Matt DanielsYeah. Someone had written a like 3000 word comment on Reddit that was picking apart everything. And then the response to this comment was so beautiful. It was like, this is like death by a thousand nitpicks, or this is a well written response that ignores the overwhelmingly, glaringly obvious point in the data, which is fine. But again, my point wasn't to prove anything. It was that the only data we had around gender inclusivity was anecdotal. And the Bechdel test, which is a pretty sad state when we're talking about this in so many forms of culture around the oscars are so white in America, and, and the Gina Davis Institute, which is constantly trying to promote more women and director roles. So again, the point of this project was essentially me acting as a census, as a data gathering instrument. And for that purpose, I tried to avoid any modeling and just present the data.
Enrico BertiniYeah, yeah. But I have to say, I think here you're doing something really important because, I mean, when you think about what kind of, who are the figures out there who are proposing ideas based on data, traditionally, on the one hand, you have scientists, on the other hand, you have people like journalists and politicians, and all of them, one way or another, have some kind of agenda, or at least an hypothesis to prove or an intent to persuade you about something. And you're kind of like moving away from that here and still make the data and the ideas behind this data accessible. And I find this format really, really interesting.
Matt DanielsThat was one of the top comments from the Internet was, what is your agenda on this?
Enrico BertiniYou have no agenda, I guess, right?
Matt DanielsWell, yeah, yeah. I mean, I had an agenda of like, get the data, but my agenda wasn't like, overhaul Hollywood. My agenda was we're sitting around having anecdotal discussions about a thing that is easily quantifiable and just no one wanted to quantify it. And there's a reason why no one wanted to quantify it because it just takes a lot of effort. And we can go into the technical side of this, but we spent six weeks just gathering data yeah. And that was a labor of love. Also a very stressful experience because as you can imagine, screenplays are one of the art is getting dialogue from screenplays is not a structured data set at all. So that was a fun experience, but also one that I felt was really just needed to improve and move forward the discussion that we were having around this topic.
The Data Collection and Analysis of Screenplays AI generated chapter summary:
The data collection and analysis here looks like a daunting task. How did you collect this data and made sure that it had some okay quality at least. Do you get paid for the work already, or do you have a plan to get paid?
Moritz StefanerYeah.
Enrico BertiniSo maybe you can briefly explain how you did, because the data collection and analysis here looks like a daunting task. Like, how did you. How did you collect this data and made sure that it had some okay quality at least.

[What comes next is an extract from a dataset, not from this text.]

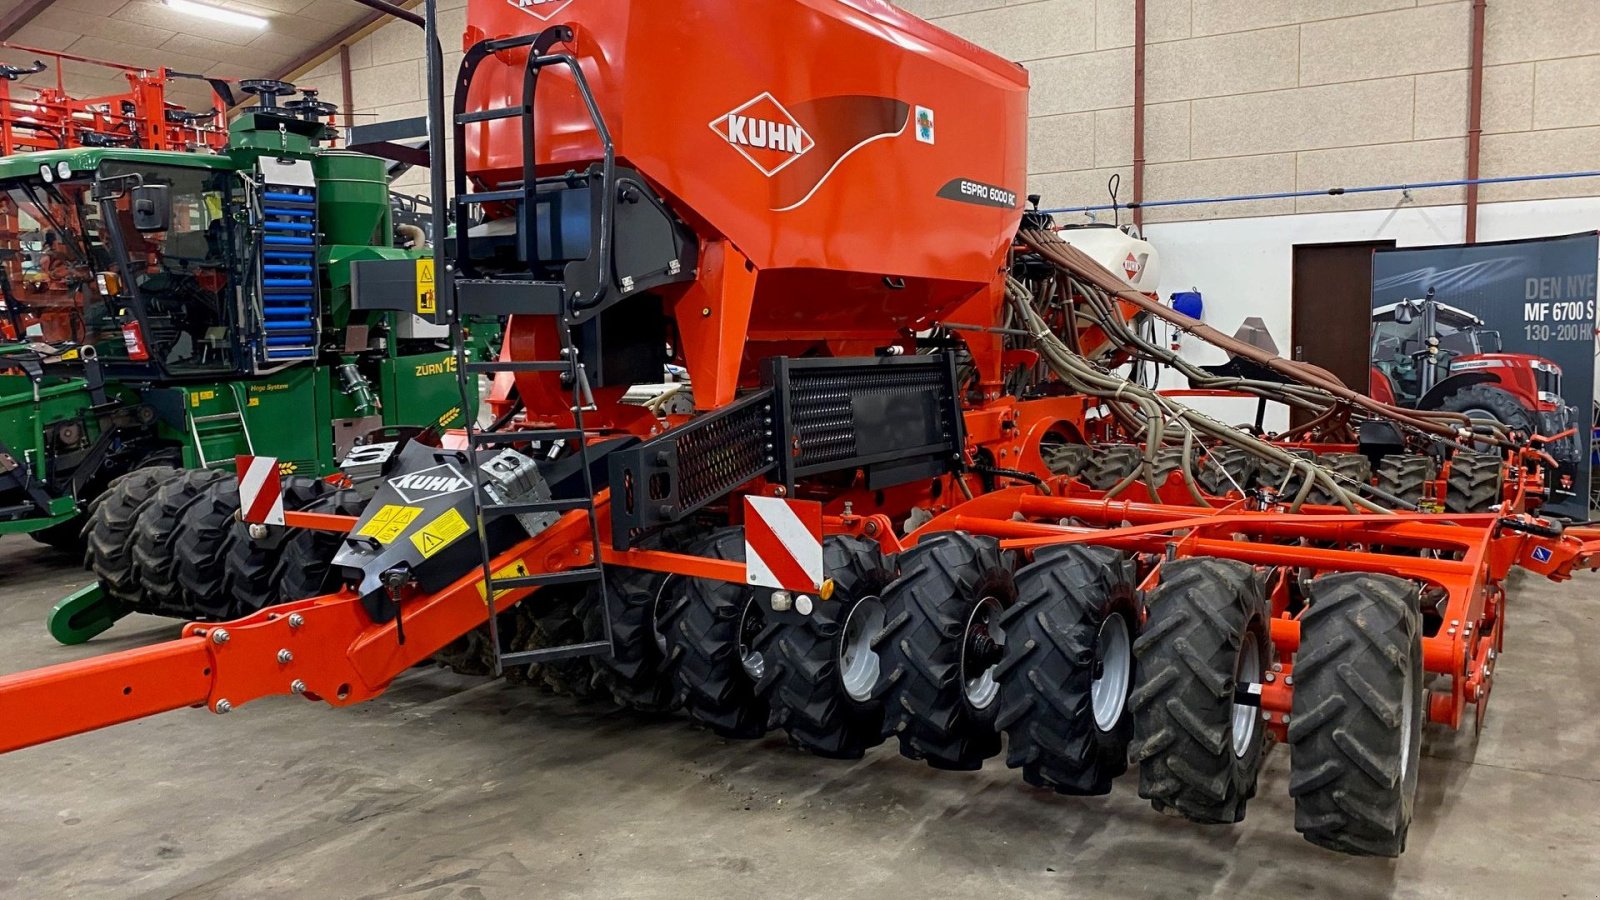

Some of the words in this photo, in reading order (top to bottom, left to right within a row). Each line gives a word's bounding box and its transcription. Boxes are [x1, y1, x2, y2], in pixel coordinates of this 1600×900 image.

Matt DanielsYeah, I mean, I have my own personal bar. This is not peer reviewed. This didn't go through like a New York Times editor. And honestly, this project probably would have gotten shut down if it gone through all those channels. But I think my bar is pretty high in terms of quality. So that's what we worked with, is like, would I accept these results if I saw them on the Internet? And I wrote a whole faq about, like, what's wrong with the data? Which we can talk a little bit about now, but in terms of gathering the data, the engineer I was working with basically was like, you can't do this. This is too complicated.
Moritz StefanerThat was my first impression, too. They can have gone through all the script. There must be something else.

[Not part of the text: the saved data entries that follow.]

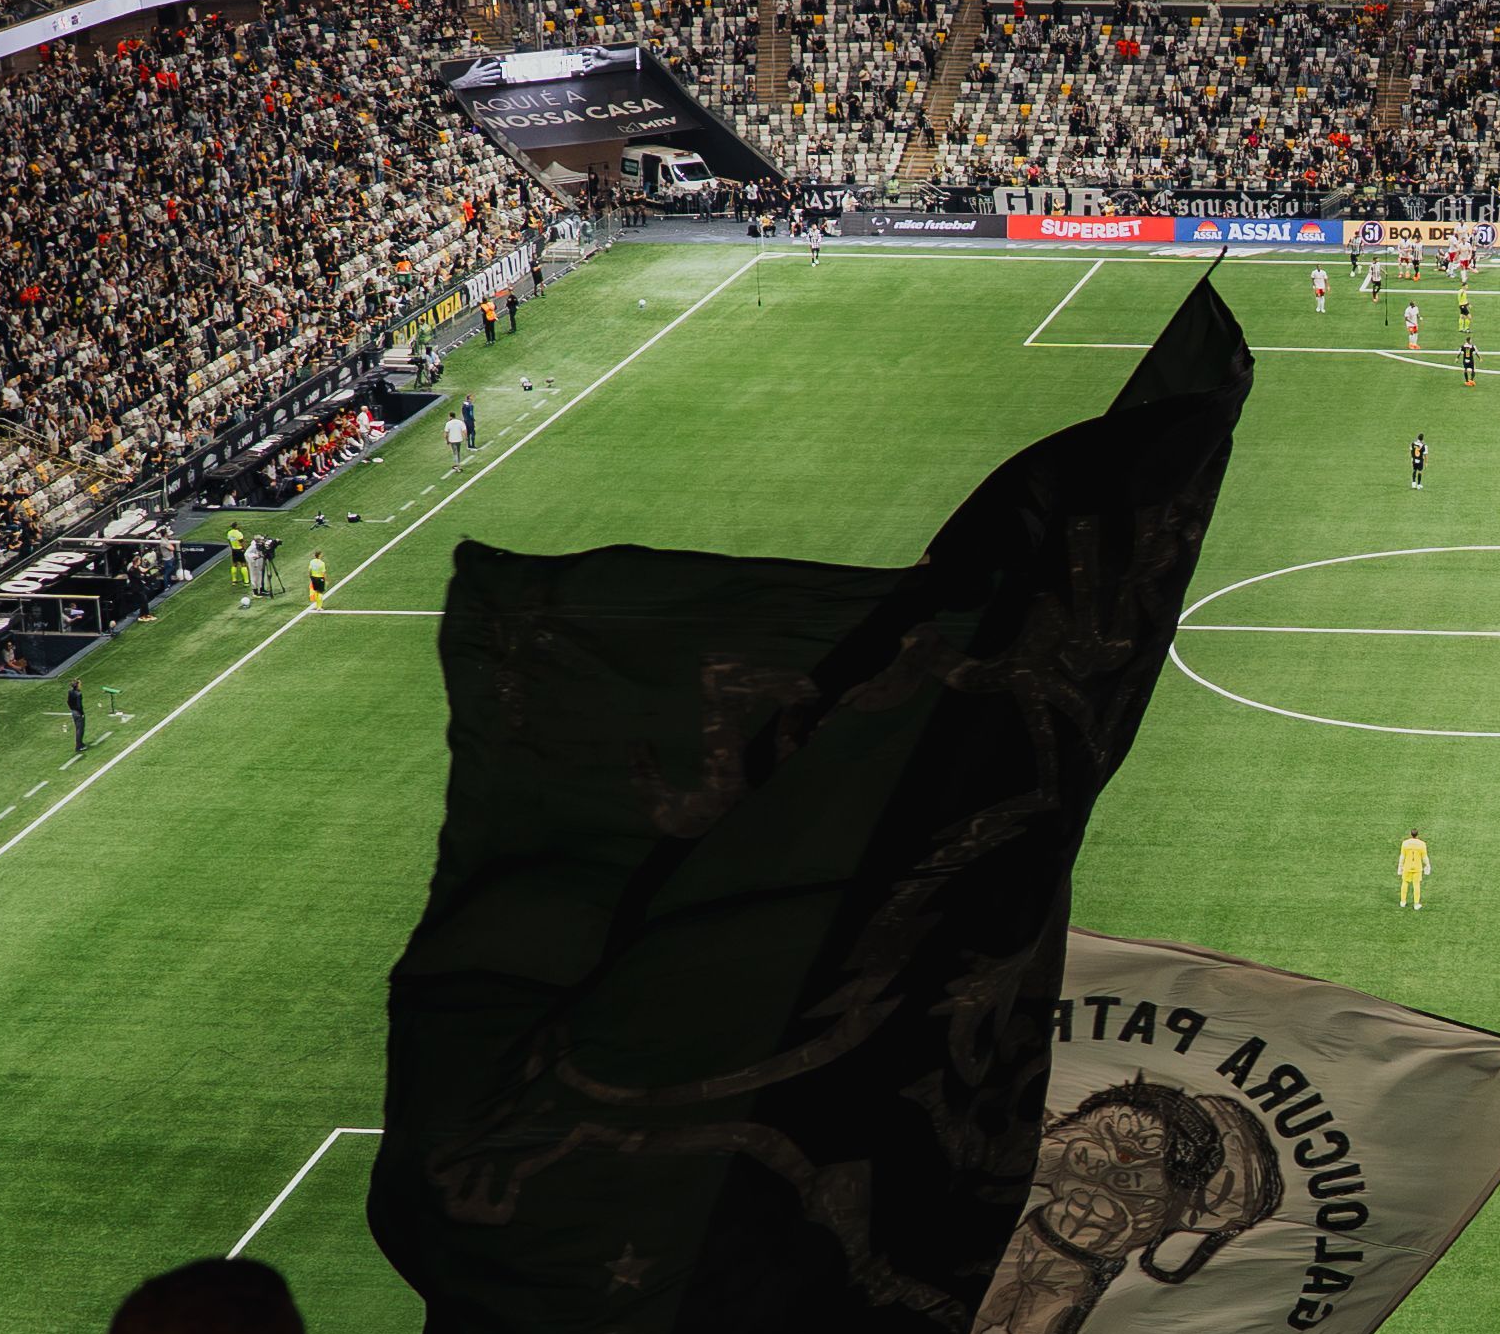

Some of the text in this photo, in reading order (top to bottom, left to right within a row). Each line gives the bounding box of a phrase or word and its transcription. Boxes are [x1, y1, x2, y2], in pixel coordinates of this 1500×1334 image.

[472, 88, 587, 114] AQUI É A
[488, 98, 665, 130] NOSSA CASA
[638, 116, 678, 130] MRV
[1150, 189, 1301, 219] Esquadrão
[924, 219, 978, 232] futebol
[1040, 219, 1142, 239] SUPERBET
[1364, 224, 1382, 242] 51
[1389, 227, 1457, 241] BOA IDE

Matt DanielsThere's definitely errors. There's always errors. There's more errors in my nulls. Or just methodologically, we're using screenplays, which already means there's going to be issues with how accurate that represents the film, which is obviously a product of the screenplay. So that alone means there's tons of errors. But if you accept that, generally there's not a huge. There isn't a consistent shift from the screenplay to the film. We still have directionally accurate data. But anyway, we chose to go with screenplays. There's other ways to go about this. You could use onscreen dialogue, which means you'd have to watch the film and then categorize who's talking and how long they're talking. That's an option. But we chose to use screenplays. And the idea was, could you break down the screenplays by character? And then you would have to. Once you had that. So we have, the lead character has 8000 of the 12,000 words uttered in the screenplay. And then from there we have to figure out, well, what gender is this lead character? And we methodologically went with connecting the lead, the character name to an actor on IMDb or like the cast list, and then the actor to a gender so that was the thread. That was the thread through the needle that we needed to figure out was screenplays to characters, to actors, to genders, and do that 2000 times and with as little error as possible. So that was the complexity of the project. And the most amount of complexity was just in. Screenplays are formatted uniquely every single time. They're not always text files. They're sometimes PDF's.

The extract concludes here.